Carin Bam, associate principal oboe and principal cor anglais from August 1, 2016, made her debut in the Johann Botha concert on August 13, 2016.  As is so common in the world of music, Carin studied with guest principal oboe Sergei Burdukov at the University of Stellenbosch where she earned a B Mus, before gaining her Licenciate cum laude from UNISA.  She first studied oboe at Hugo Lambrechts Music Centre from 1988-1992, and returned there in 2001 as a double-reed teacher, teaching oboe and bassoon. She became Head of the Woodwind Department.

While at the music centre, she conducted the Junior Wind Band, co-ordinated the Centre’s Silversands Primary School Development Project, which is one of five development projects at the Music Centre and taught recorder, oboe and bassoon,  in four of the other Development Projects. She was founder member and manager of the Adopt-a-Muzo Project, which raises funds for financially needy talented young musicians at the Centre to further their careers. Three of her Adopt-a-Muzo double reed students are currently studying music.

She has played in many orchestras including the KZN PO, the Namibian National Symphony Orchestra, the FS Symphony, UCT Symphony and US Symphony, as well as Camerata Tinta Barocca and of course formerly as an ad hoc for the CPO. She is also a keen chamber musician, having had her own duo with guitarist UIiano Marchio, and was a member of the Cardea and Trio Argentum Ligno ensembles. She is currently a member of Intonga Reed Quintet which had a successful launch at Erin Hall in January 2019. She has played at, for instance, the Greyton Classic for All Festival and as soloist with the Winelands Orchestra, 4×2 Concert Series, Hugo Lambrechts Symphony Orchestra and Musicanti Chamber Orchestra.
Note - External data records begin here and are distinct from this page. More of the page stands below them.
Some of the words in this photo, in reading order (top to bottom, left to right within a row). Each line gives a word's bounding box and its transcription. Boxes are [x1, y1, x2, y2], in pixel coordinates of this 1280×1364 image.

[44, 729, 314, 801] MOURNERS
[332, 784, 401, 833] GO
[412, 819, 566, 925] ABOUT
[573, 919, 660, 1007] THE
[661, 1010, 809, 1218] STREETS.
Many of her students excel  in Royal Schools of Music and Trinity College London board exams, as well as in local competitions, and as she continues to teach privately so her students continue to benefit from her skills. She  also mentors oboists in the CPYO.

So why did she become a musician?  She had always dreamed of following in her father’s footsteps and becoming a lawyer but in her matric year she realized she had no choice.  It was music or nothing, and after hearing Gabriel’s oboe in The Mission in 1988, that was the instrument of choice.

“I am passionate about music because I love seeing how it enriches people’s lives and how it has opened doors for my students from disadvantaged communities. Seeing how it changes their lives is truly inspirational. I also love to see and hear how music can captivate an audience and free their minds (and mine!) in a fantastic musical journey. Creating beautiful musical moments with colleagues cannot be put in words.”

About being in the CPO, she says: “Making beautiful music with fantastic musicians and calling that my work – what a privilege! I feel like a kid before Christmas!